Frank Luntz, a partisan Republican pollster, just misled listeners of BBC radio.
He said the governor of Mississippi did a better job before the hurricane struck of evacuating residents than the governor of Louisiana, and since Mississippi has a higher black population than Louisiana, this proves race had nothing to do with the death toll of the hurricane.
I'm sure Frank Luntz knows more about demographics than that.
Poor people in rural areas like Mississippi's gulf coast usually have cars, and are able to drive to shelters or relatives' homes in another part of the state.
Poor people in urban areas like New Orleans rely on public transportation. Thousands of tourists also were stranded, especially when some airlines refused to fly despite weather conditions that were not adverse until Sunday night. (The same airlines the federal government bails out when they're in trouble.)

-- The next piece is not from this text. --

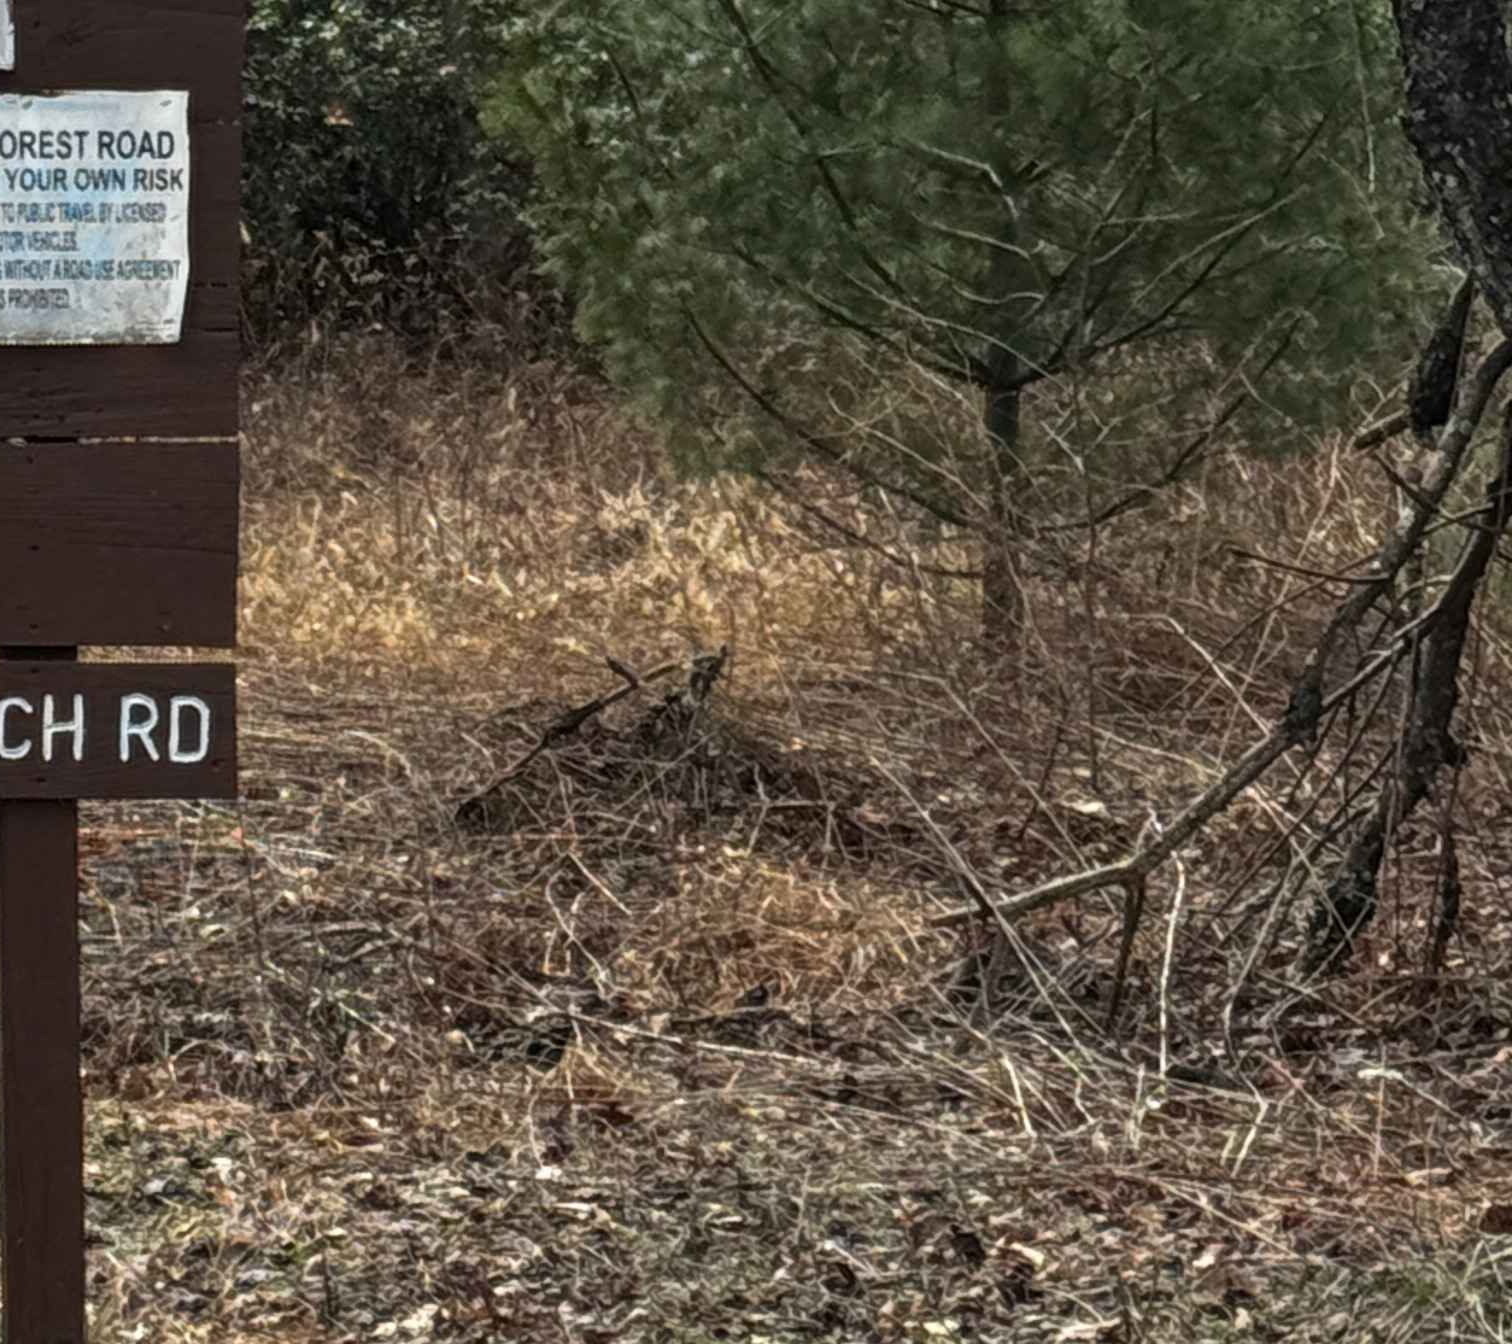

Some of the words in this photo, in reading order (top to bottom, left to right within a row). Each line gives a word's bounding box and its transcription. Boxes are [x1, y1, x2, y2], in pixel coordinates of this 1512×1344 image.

Officials in Louisiana, knowing this, opened the huge Superdome as a refuge, expecting the cavalry to arrive immediately after the hurricane passed to help the residents stranded there. In past events the federal government's disaster agency, FEMA, has always appeared, as have the Red Cross, to restore order and assist overloaded local officials.
But this time the cavalry did not come.
Now Frank Luntz and other apologists for this administration want to pit one governor against another, turn this into a "Republicans can do no wrong" while "Democrats can't lead" mudwrestle.
Mississippi's governor Haley Barbour, whose previous job as chairman of the Republican National Committee—and its chief fundraiser—makes him ideally suited to raise money now for the victims of the hurricane, did nothing extraordinary to remove people in the path of the hurricane. Nor did the governor of Louisiana, although she did ask the president to declare "an expedited major disaster" on August 28 which should have ensured a prompt response afterward. (Go here and click to read the letter requesting aid.)
Hundreds of thousands of people evacuated safely out of New Orleans, no small task, especially considering the many false alarms that may have led to complacency. Just last year a hundred thousand residents left New Orleans when Ivan was aiming for its heart, and returned when he turned and struck Alabama instead.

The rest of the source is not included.